First would be the tax burden based on our withdrawal. We currently have a very small tax bill as we pay no state income tax in Hawai’i on our retirement income, and very little Federal tax. That would change as we would not only be hit with higher Federal taxes based on our increased income in 2015, but would pay state tax as well on our withdrawal from the IRA (our other retirement income would still remain untaxed by Hawai’i). We were prepared for this hit.

What we were not prepared for was the dramatic effect that increase in income would have on the girls’ financial aid prospects.

The reason our retirement savings are in IRAs is that they are protected there; college financial aid formulations exclude sheltered retirement funds. Unprotected, those funds would be quickly tapped, and with three college age children Brett and I would be left with little to no savings in short order. Even if we had planned to use our savings to pay for college, with today’s costs there is no way we could cover expenses for three children over the next eight years. Plus, Rule #1 about saving for retirement is that you never jeopardize your retirement to pay for your children’s college.

Meiling was awarded a four-year scholarship to the University of Oregon that covers all her tuition and fees (she pays for room and board). If we increased our income by withdrawing from our IRA this year the bump would be enough that she would no longer qualify for any Federal financial aid meaning she would lose her scholarship, and we would either have to raid our retirement accounts even more to cover her costs or she would not be able to afford to continue at the university. The federal government could care less that this would be a one-time increase to our income, and used only for the purpose of buying a home, when calculating Meiling’s aid award, and likewise the universities financial aid office. If we took more money out of our accounts to cover her expenses next year our income would of course go up even more, and we would be setting up something of a vicious circle. And, we’re just talking about Meiling here. WenYu also heads off to college next year, and any savings we spent on Meiling would mean less or nothing for WenYu, with the increase in our income also affecting any aid she might be qualified to receive. According to federal financial aid calculators, even with two children in school, with the planned IRA withdrawals our 2015 income would still be too much for either girl to receive much, if any, Federal aid other than unsubsidized loans (NO!!), and we could forget about any need-based aid from any college. There might be merit aid, but there’s no way to count on that.

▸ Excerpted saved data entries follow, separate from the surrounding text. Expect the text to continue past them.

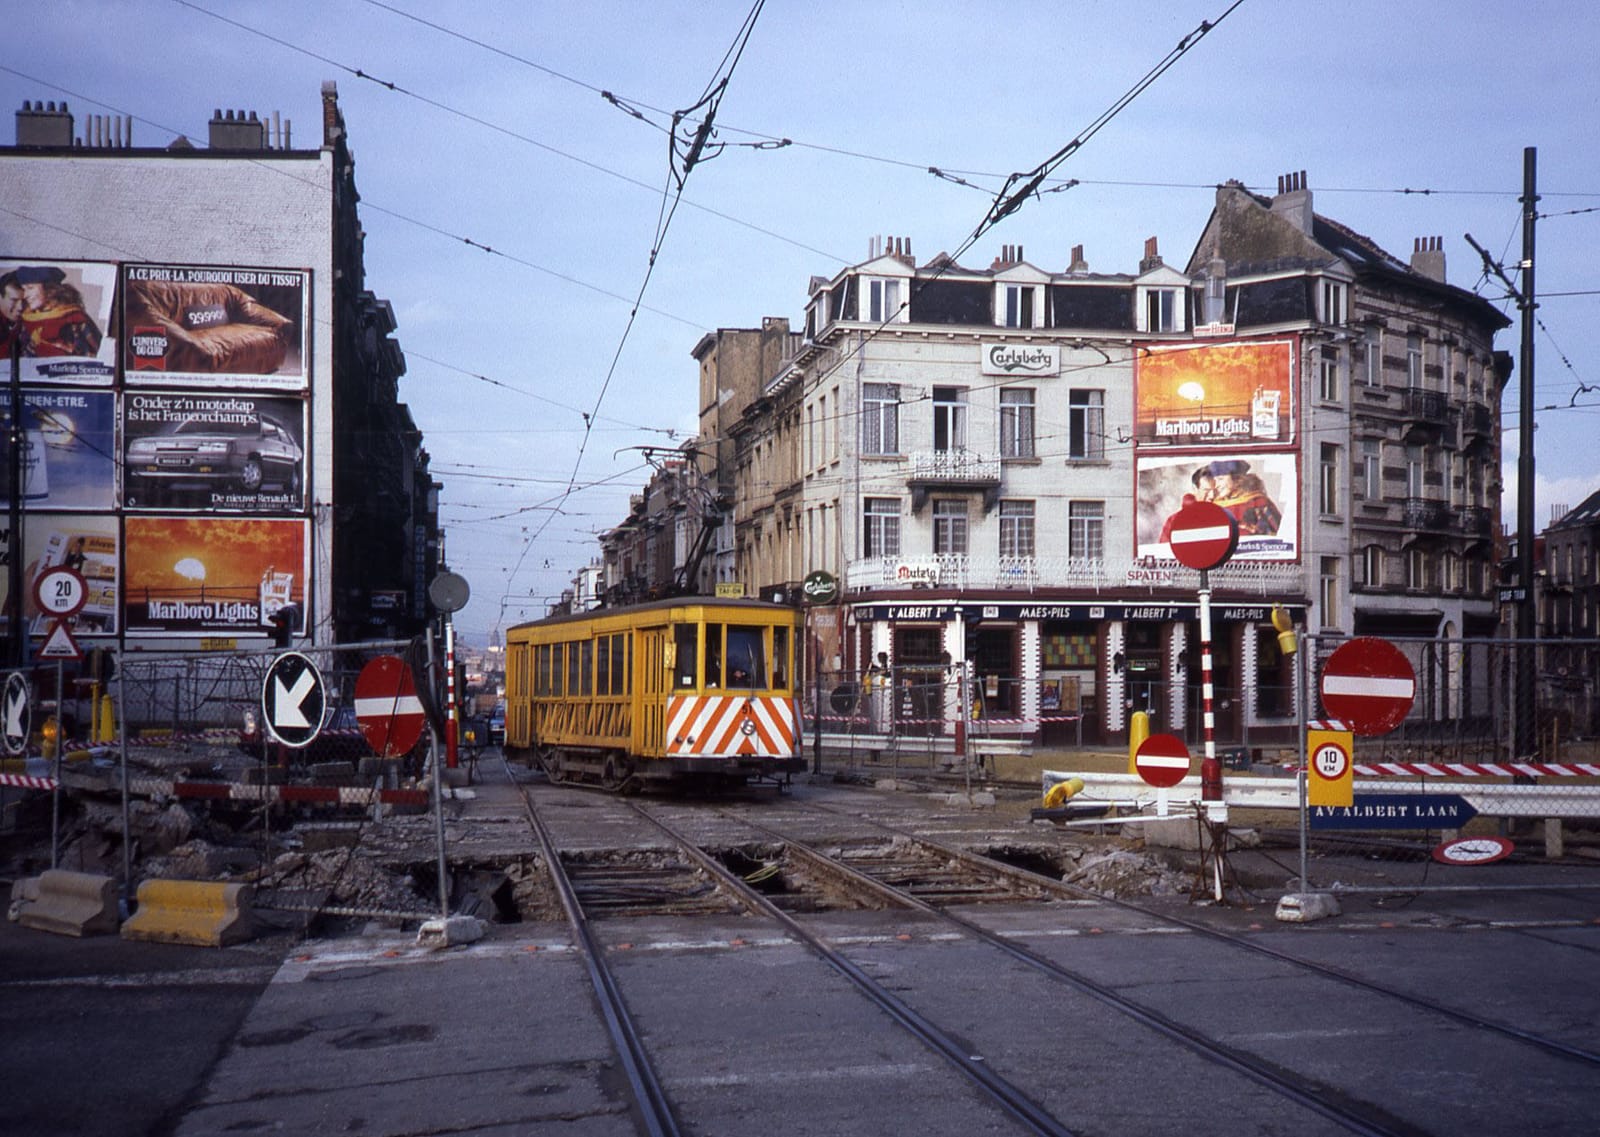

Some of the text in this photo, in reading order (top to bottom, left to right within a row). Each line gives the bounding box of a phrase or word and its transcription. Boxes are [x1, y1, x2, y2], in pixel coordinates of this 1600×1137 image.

[129, 269, 136, 280] A
[137, 269, 148, 280] CE
[188, 271, 232, 283] POURQUOI
[234, 272, 256, 284] USER
[258, 274, 270, 285] DU
[271, 274, 301, 287] TISSU?
[989, 345, 1052, 372] Carlsberg
[133, 396, 255, 413] Onder z'n motorkap
[128, 409, 259, 427] is het Francorchamps.
[1156, 418, 1210, 436] Marlboro
[1212, 418, 1250, 437] Lights
[211, 493, 225, 502] De
[226, 493, 257, 503] nieuwe
[258, 493, 289, 503] Renault
[1127, 570, 1171, 581] SPATEN
[55, 580, 72, 597] 20
[148, 601, 259, 622] Marlboro Lights
[1324, 750, 1337, 764] 10
[1343, 806, 1408, 817] ALBERT
[1415, 805, 1459, 817] LAAN

So, there were two hits we would be taking if we withdraw anything now from our IRA. However, it turned out there was still one more sting waiting in the wings.

Starting in 2016, the FAFSA will be filled out beginning October 1 using the previous year’s income (2015). No more will families have to wait until January to submit their forms and tax information and then try to figure out what kind of aid they might qualify for or whether they really can afford College X or College Y. Colleges and universities will be required to present more up-front aid information, so students and families can make better choices about where to apply and what to expect. This is an important and long-overdue change, one I am greatly in favor of. This change however means that our 2015 income will not only be used to determine aid for the 2016-2017 school year, but for the 2017-2018 year as well. Our supposed one-time income bump from the IRA withdrawal would count against us for two years, effectively cutting the girls out of any financial aid until Fall 2018.

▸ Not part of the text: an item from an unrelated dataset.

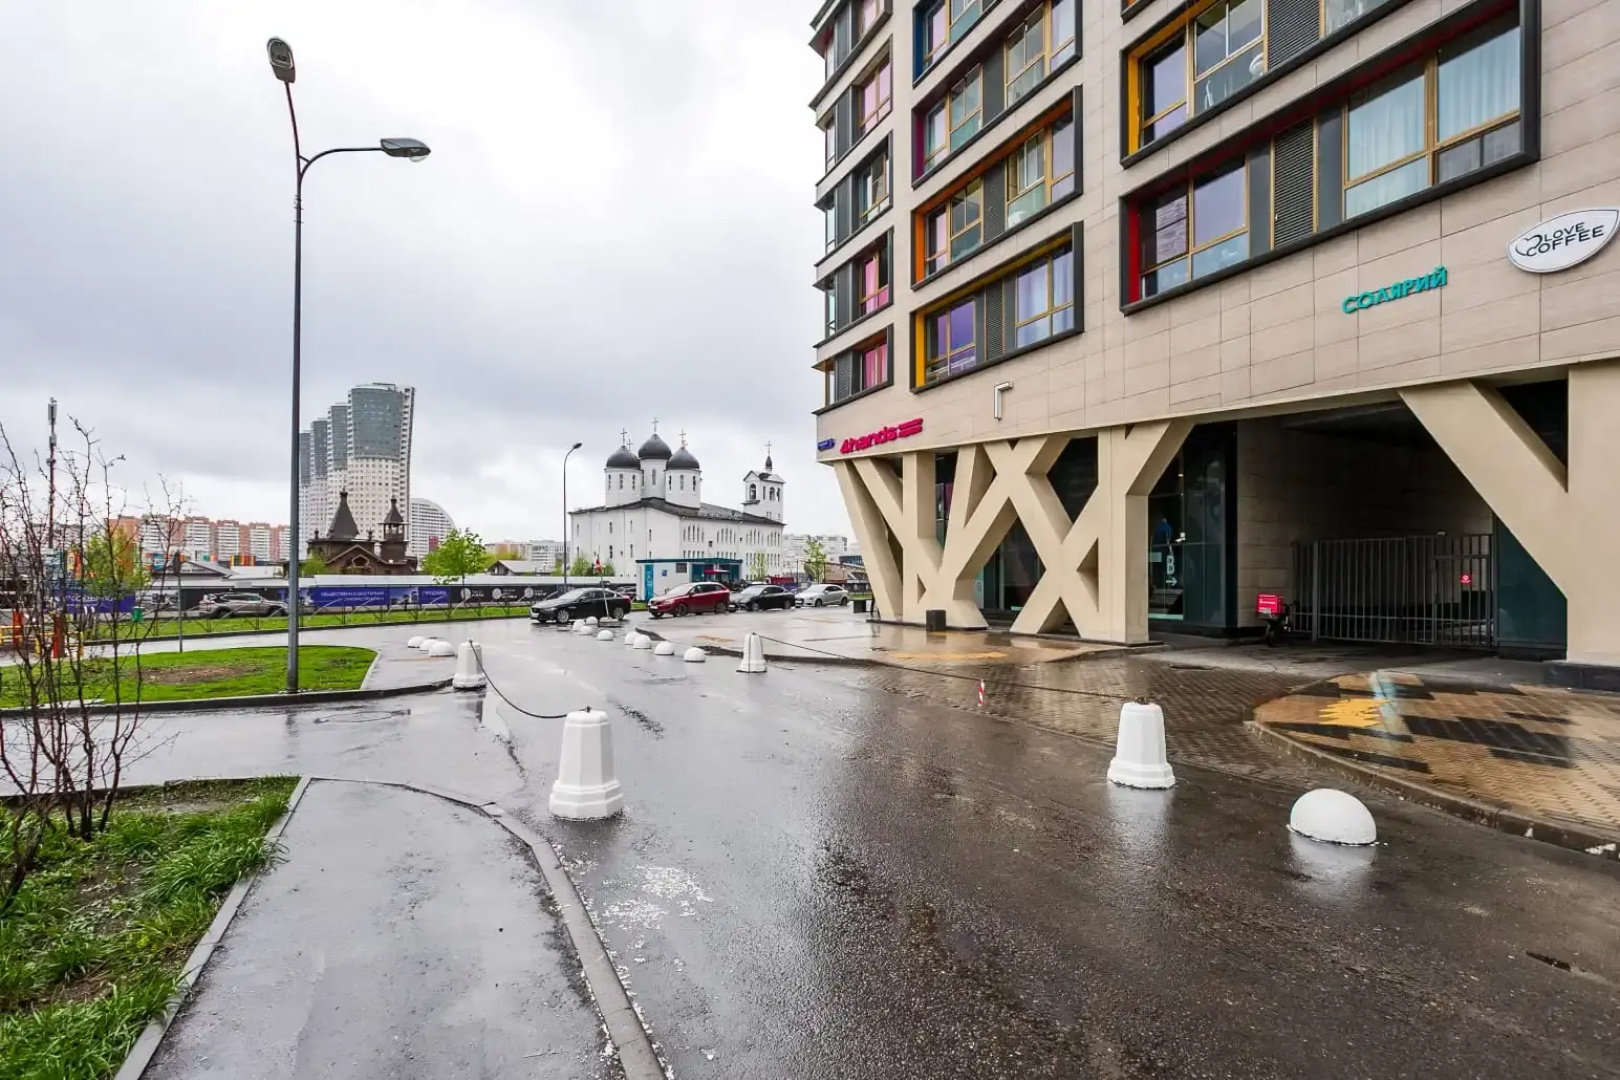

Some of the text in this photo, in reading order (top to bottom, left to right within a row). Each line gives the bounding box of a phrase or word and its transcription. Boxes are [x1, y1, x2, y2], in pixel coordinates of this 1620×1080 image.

[1526, 225, 1604, 257] COFFEE
[1544, 222, 1585, 242] LOVE
[1342, 264, 1448, 314] СОЛЯРИЙ
[840, 426, 898, 454] 4hands

The decision of what to do was actually easy. We cannot harm our girls’ efforts and dreams, and we cannot damage our future financial security. We cannot deny the girls the opportunities that are available for them now just because we want to buy a house or a condo. They didn’t ask for this life, but have made the most of what they have been given so far, and we cannot pull their futures out from under them.

The condo was a great buy, and would have been a perfect home for us. We have the income and resources to buy it, but tapping into those resources came with consequences. We were devastated to have to let the condo go as well as our dream of buying a home on Kaua’i, at least for the time being. We don’t know if anything else will be available and affordable again in the future. Maybe yes, but there’s also the possibility of a big NO. But, it’s a risk that we are going to have to take. Brett and I will wait until the girls are through school before we think about buying again.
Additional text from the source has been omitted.